In general, delivery—even to quite remote places—is much faster than I would have imagined. But there are many factors that affect the time that passes from when you place your order until you receive the equipment. Assuming a smooth transition of your supply order up through the links in the Dispatch chain, the equipment you are requesting may take considerable work to get ready for shipment. Because it is impossible to predict where and when fires will escape initial attack and require incident communication support, before repeaters can leave GBK, engineers must ensure they will not interfere with other incidents.
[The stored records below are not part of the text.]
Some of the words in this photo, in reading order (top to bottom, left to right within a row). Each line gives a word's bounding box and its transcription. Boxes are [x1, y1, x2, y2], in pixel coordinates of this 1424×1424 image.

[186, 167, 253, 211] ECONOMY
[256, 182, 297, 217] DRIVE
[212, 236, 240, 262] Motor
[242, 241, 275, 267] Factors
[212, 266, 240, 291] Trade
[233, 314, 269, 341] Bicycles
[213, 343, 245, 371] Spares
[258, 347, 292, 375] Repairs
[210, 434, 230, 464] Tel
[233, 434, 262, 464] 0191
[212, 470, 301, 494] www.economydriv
For fires near the Canadian or Mexican borders, frequency deconfliction takes on even greater complexity, as radio waves don’t stop at U.S. borders.
Once the equipment is ready to ship, factors beyond our control in air freight availability become extremely important. It could be that a piece of equipment finally becomes available after returning from a fire, is programmed and arranged to be shipped—but because of limited cargo space, can’t leave Boise until the following day. Or maybe it made it to the cargo hold of the last flight out, but the flight was canceled due to a mechanical issue right before takeoff.
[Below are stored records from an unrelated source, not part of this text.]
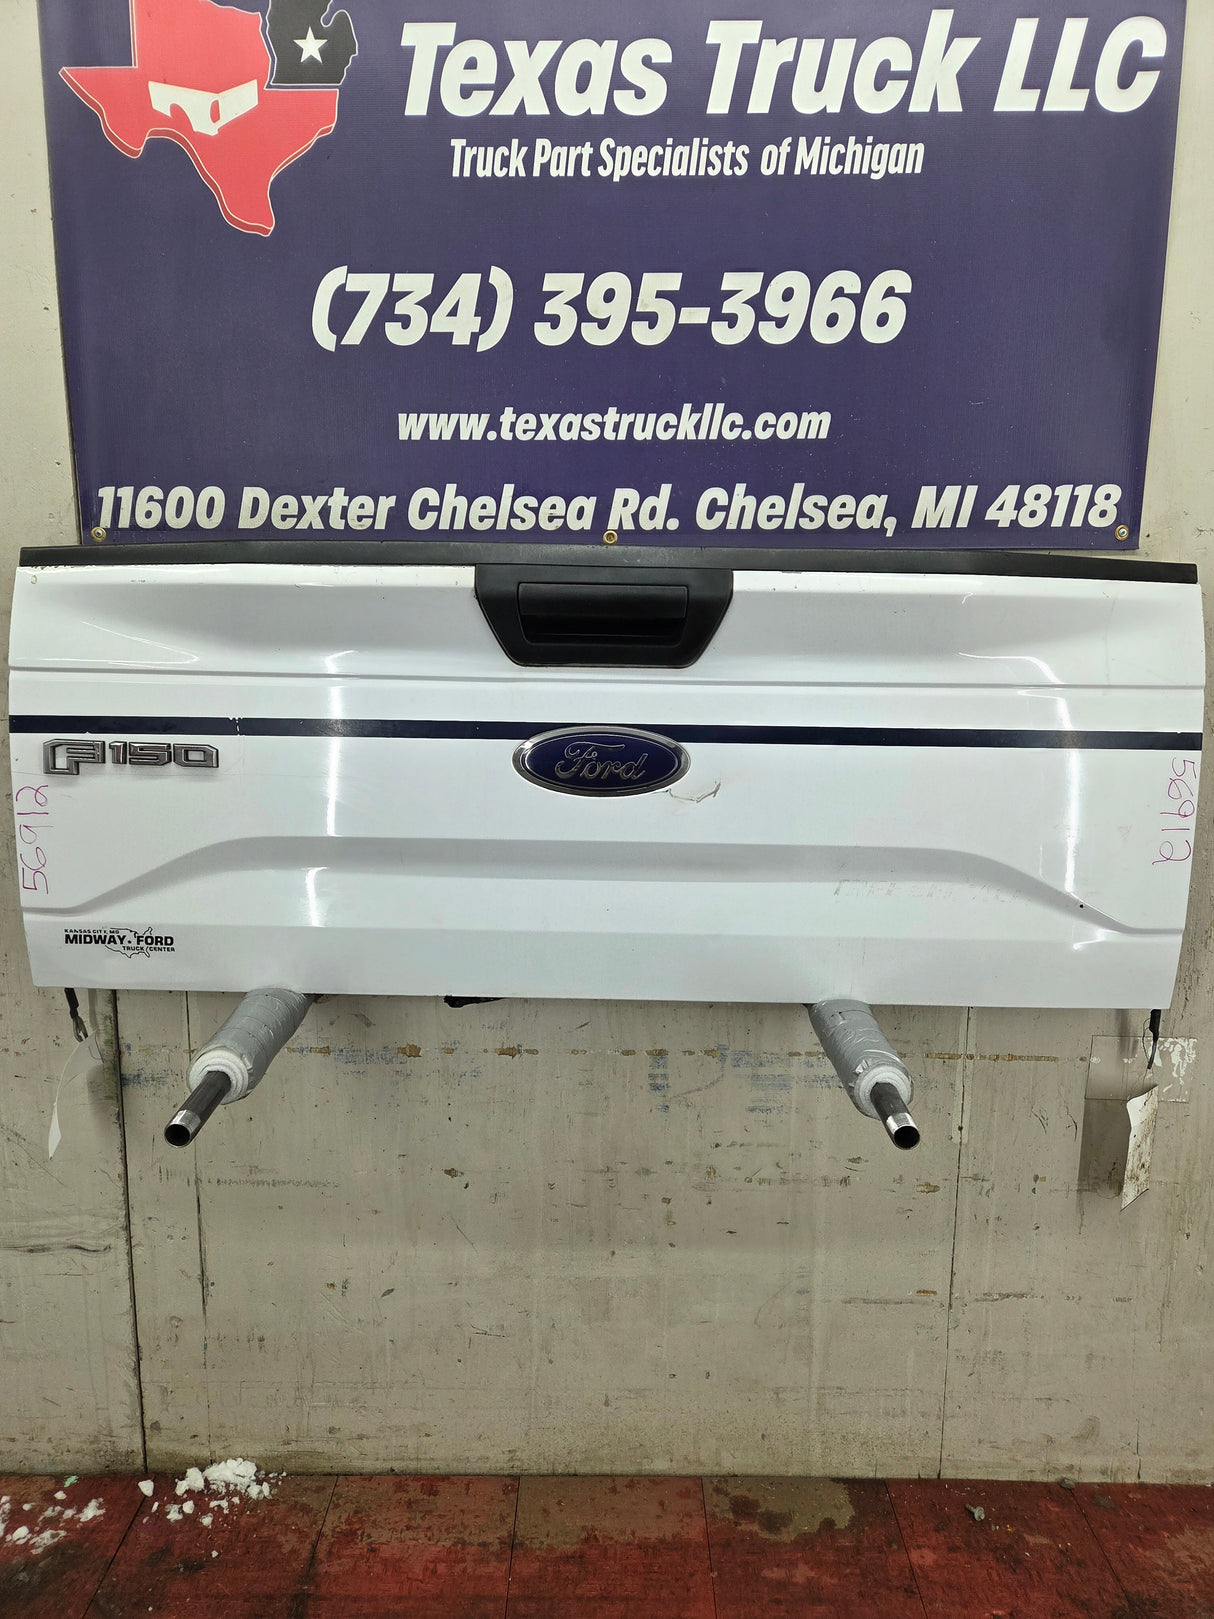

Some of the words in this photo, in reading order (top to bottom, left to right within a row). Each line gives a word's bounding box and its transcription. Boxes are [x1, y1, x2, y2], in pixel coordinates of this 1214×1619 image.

[401, 22, 672, 117] Texas
[706, 9, 981, 114] Truck
[993, 16, 1167, 112] LLC
[451, 139, 528, 178] Truck
[533, 138, 593, 178] Part
[598, 137, 749, 183] Specialists
[761, 137, 793, 176] of
[794, 135, 924, 181] Michigan
[312, 266, 513, 352] (734)
[534, 270, 912, 346] 395-3966
[398, 403, 831, 441] www.texastruckllc.com
[98, 486, 225, 529] 11600
[238, 487, 396, 530] Dexter
[408, 484, 597, 530] Chelsea
[607, 484, 679, 531] Rd.
[696, 483, 897, 538] Chelsea,
[911, 485, 978, 529] MI
[985, 484, 1122, 528] 48118
[43, 738, 219, 775] F150
[554, 741, 649, 780] Ford
[1152, 757, 1197, 865] 56912
[15, 784, 53, 894] 56912
[64, 934, 126, 945] MIDWAY
[136, 935, 174, 946] FORD
Whatever the case, predicting an ETA is an educated guess at best, one that assumes no major delays that are outside of anyone’s control.
Considerations When Ordering Supplies
Global supply chain disruption.
Though many of us may feel we are done with COVID-19, it is not done with us. The effects on supply chains come in many forms: shortage of raw materials (such as plastic for fire shelter liners and hardhats); competition for materials with higher priority commodities (medical supplies and fire supplies may use some of the same polymers or other raw materials, guess which is getting the priority?); decreased air cargo capacity (fewer flights, fewer pilots, but increasing travelers). These are only some of the factors that are severely altering availability of supplies and our ability to ship them.
Coordinate & Communicate.
Everyone understands that fire is a dynamic environment and one in which our best plans are often not realized in full, or in exactly the way we envisioned. But orders that come in cleanly have the best chance of working through the system and going out cleanly. For that reason, to the extent possible, it is best to consolidate orders. If an incident is in close enough proximity to an ICP, the cache may put a supply order and radios on the same truck, driven by a cache employee. This is almost invariably the quickest way, but it is also the cleanest way, with the fewest intermediate steps where equipment might go astray. Even if the order has to go through Fedex or commercial carrier, the more complete the order, the fewer failure points are created in transit.
Cache and commercial drivers are part of the mission, too.
We regularly acknowledge that driving is one of the most hazardous activities we engage in. Whether they have ever stepped foot on the fireline, it is without question that the driver bringing your miles of hose, or your radio repeater, is critical to the mission. That order may give you a chance to hold the entire Division. That driver, therefore, is suddenly one of the most important people in the success of the plan. Beyond just efficiency for efficiency’s sake, an efficient operation is a safer operation—fewer trips means less windshield time for drivers. Consider how you can get what you need in the most efficient way possible—including backhaul of equipment you no longer need on the fire.
"The bottom line is all involved understand the critical role of communication in firefighter safety and all efficiently complete the parts over which they have control."
My eyes were opened on this assignment to much of the behind-the-scenes work that takes place in our national cache system to outfit incidents with gear, radios, RAWS, and everything in between. In the past, I had honestly never given too much thought except to complain when, from my limited view on the fireline, it felt like it was taking too long to have my needs met. You place an order and then a while later your stuff appears, through an invisible process.
After this experience, I won’t make that mistake again.